__INFORMATION__
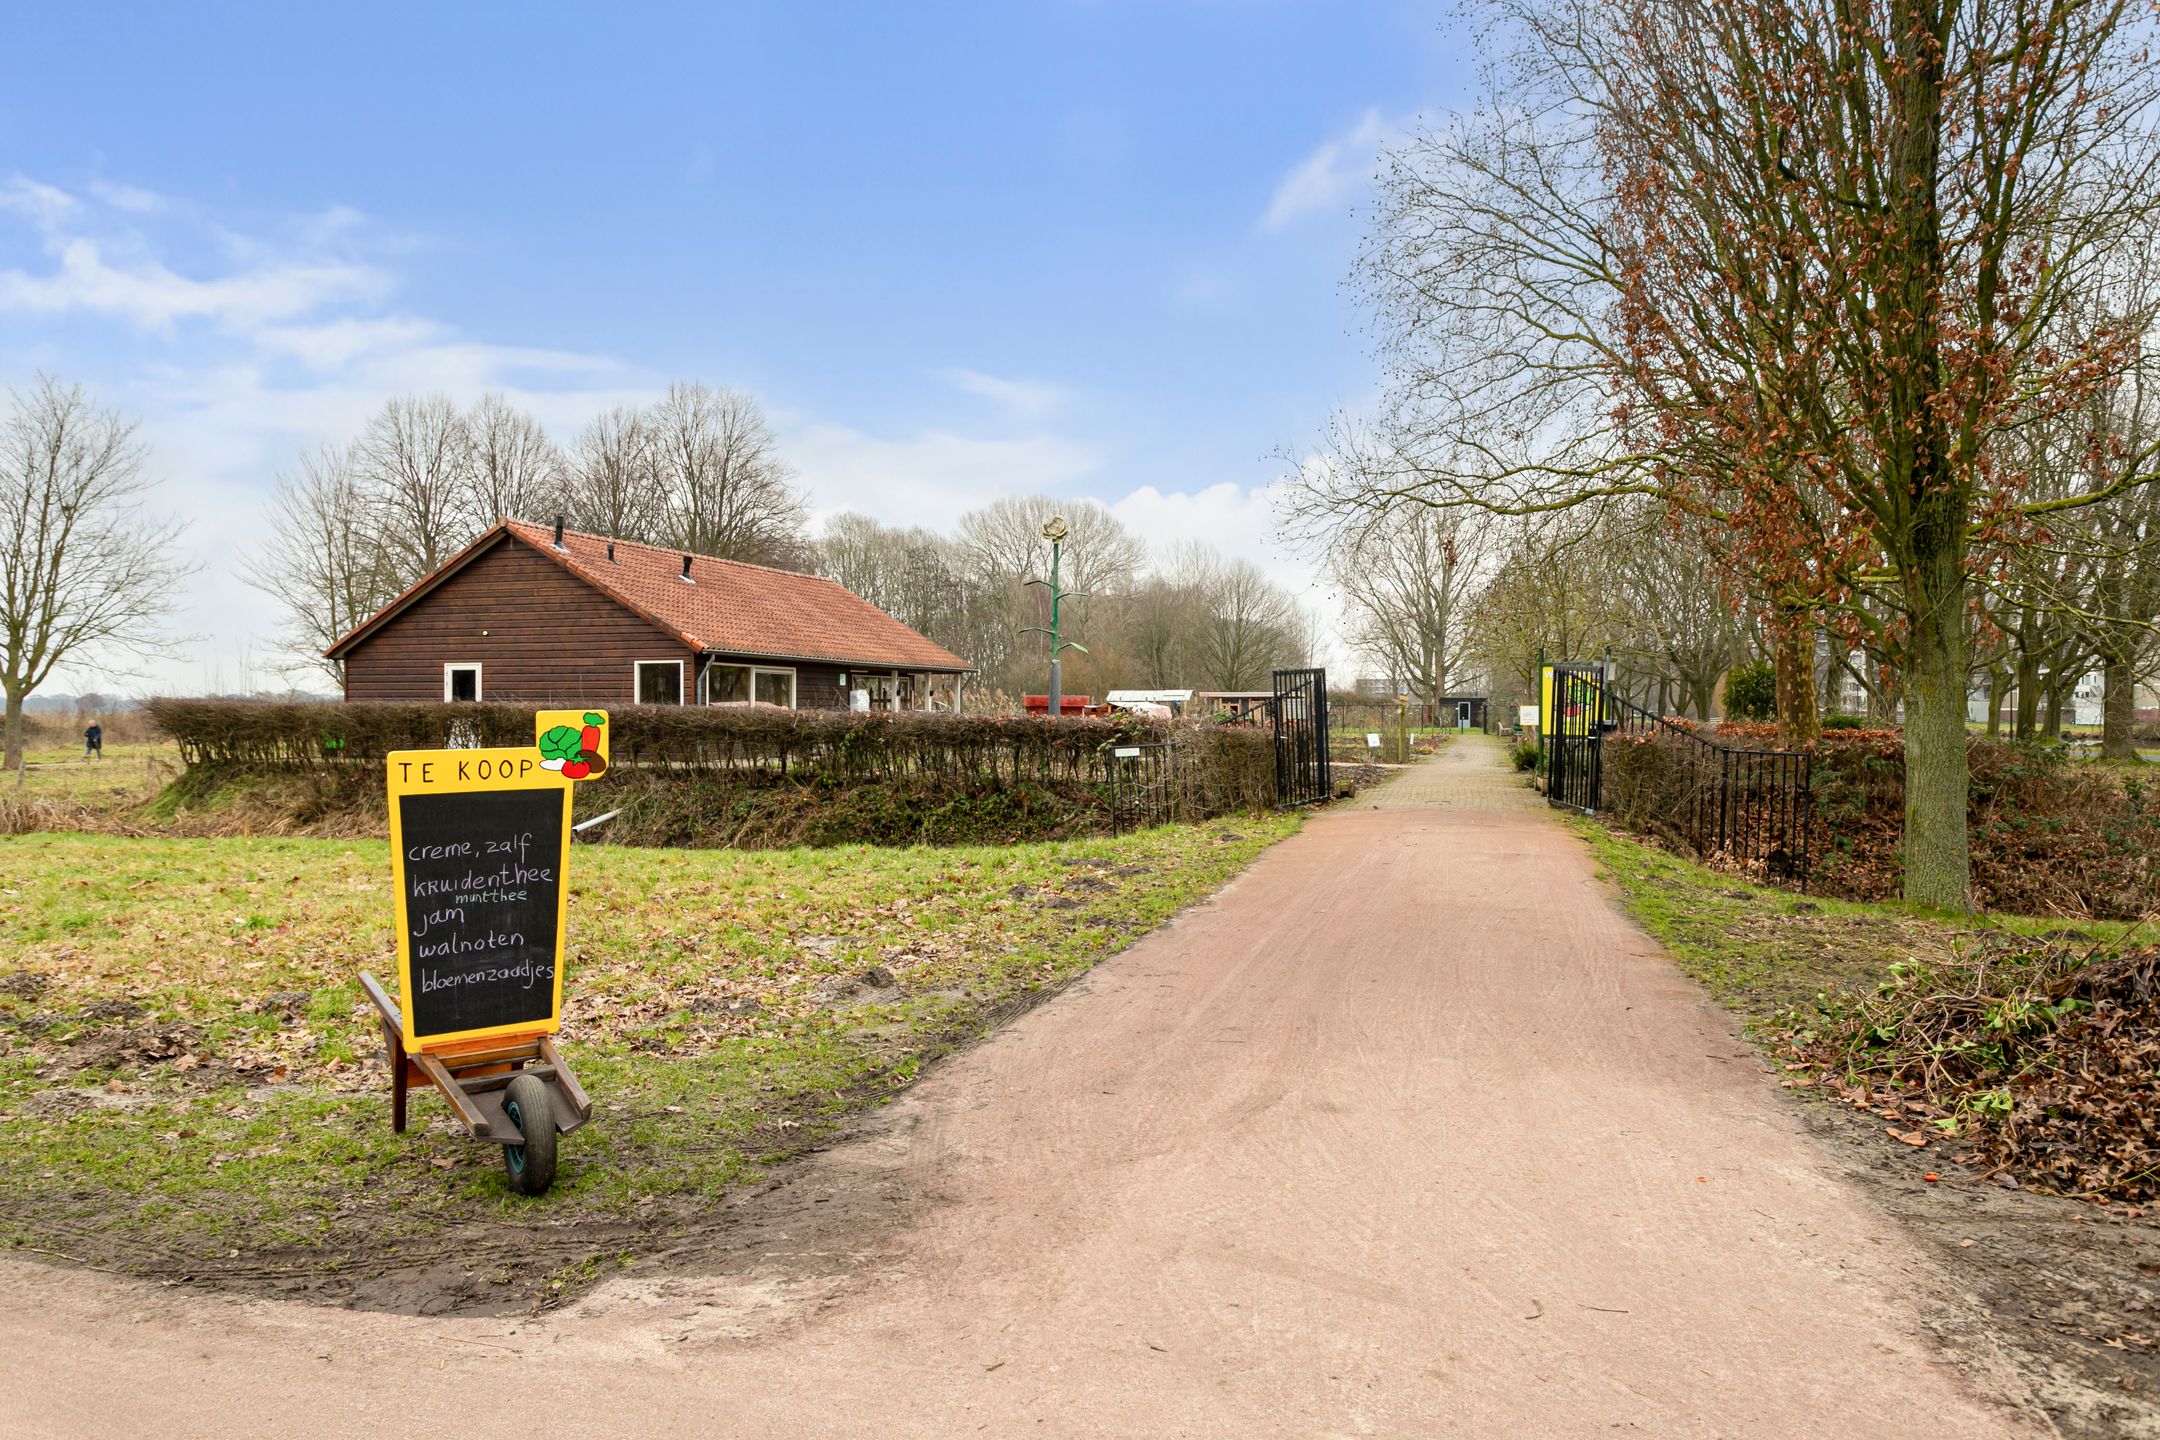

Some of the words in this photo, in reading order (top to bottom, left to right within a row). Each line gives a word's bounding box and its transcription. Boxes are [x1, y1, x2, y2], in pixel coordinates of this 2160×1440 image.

[398, 762, 435, 784] TE
[459, 760, 534, 781] KOOP
[408, 840, 480, 861] creme,
[486, 832, 533, 864] zalf
[413, 905, 465, 937] jam
[419, 930, 524, 959] walnoten
[421, 959, 555, 993] bloemenzaadjes
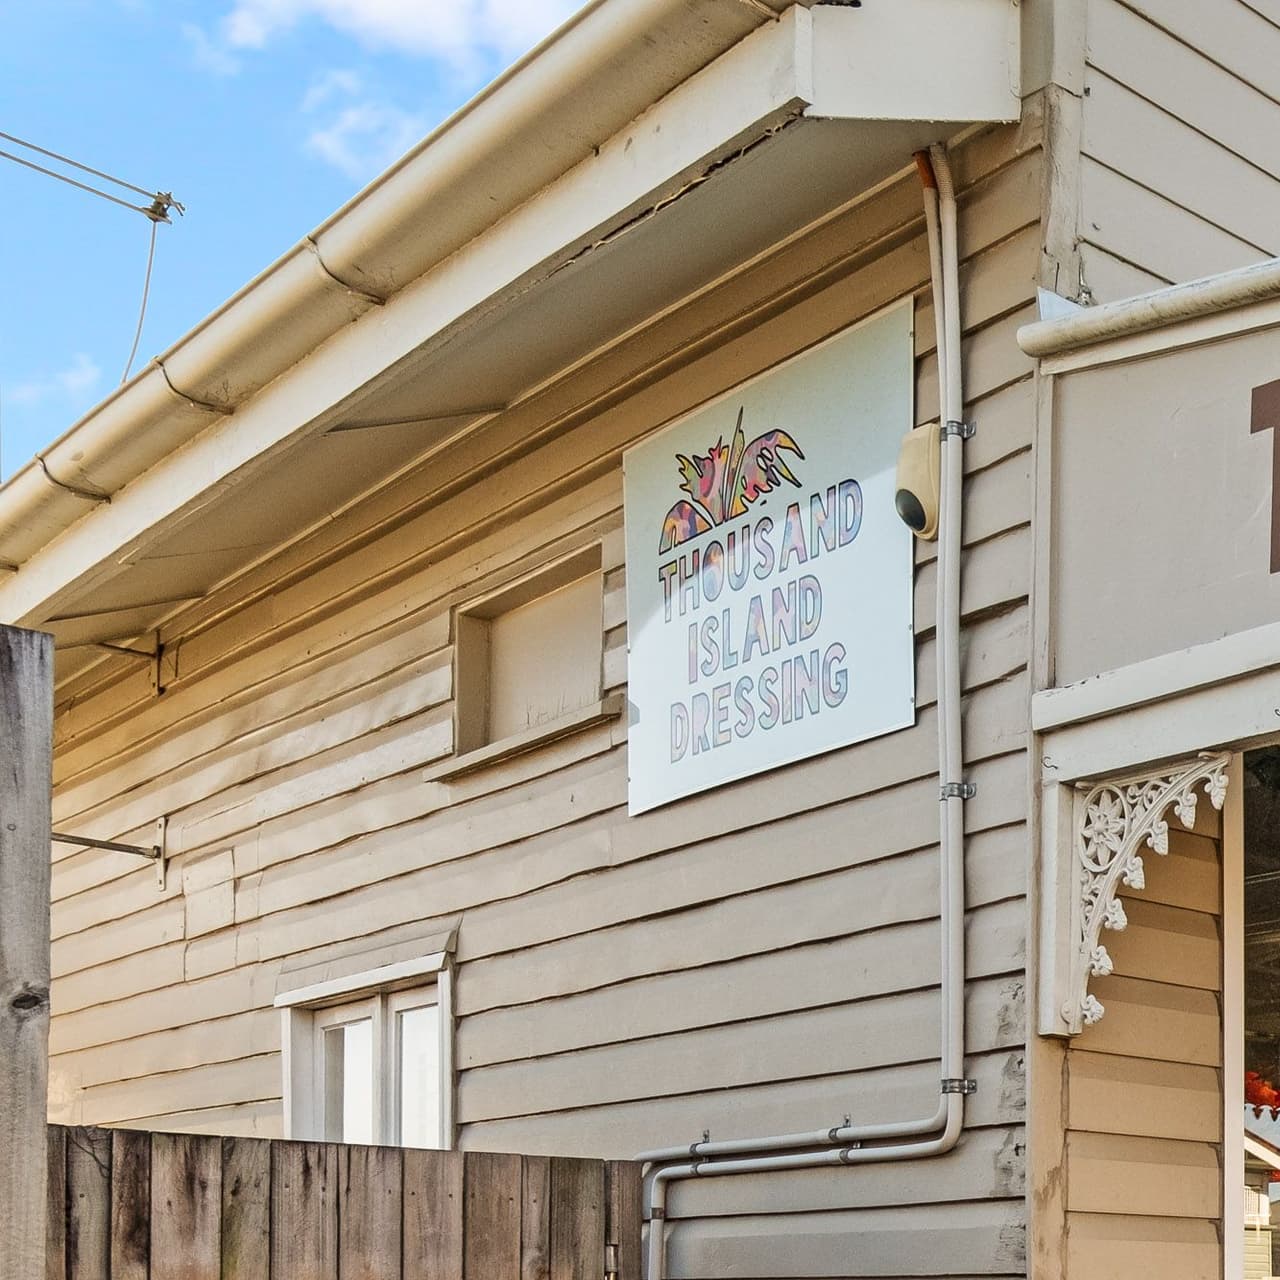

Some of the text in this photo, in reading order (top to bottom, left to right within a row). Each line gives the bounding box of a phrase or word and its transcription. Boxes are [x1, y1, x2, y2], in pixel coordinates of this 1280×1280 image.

[658, 478, 864, 624] THOUSAND
[688, 574, 823, 684] ISLAND
[670, 642, 849, 764] DRESSING

__PROBLEM__
Reproduce the material in full, word for word, and omit the pictures.

__ANSWER BELOW__
Some of the words in this photo, in reading order (top to bottom, left to right within a row). Each line gives a word's bounding box and its transcription. Boxes are [x1, y1, x2, y2], in pixel coordinates of this 2160×1440 image.

[398, 762, 435, 784] TE
[459, 760, 534, 781] KOOP
[408, 840, 480, 861] creme,
[486, 832, 533, 864] zalf
[413, 905, 465, 937] jam
[419, 930, 524, 959] walnoten
[421, 959, 555, 993] bloemenzaadjes

Some of the text in this photo, in reading order (top to bottom, left to right within a row). Each line gives the bounding box of a phrase or word and its transcription. Boxes are [x1, y1, x2, y2], in pixel coordinates of this 1280×1280 image.

[658, 478, 864, 624] THOUSAND
[688, 574, 823, 684] ISLAND
[670, 642, 849, 764] DRESSING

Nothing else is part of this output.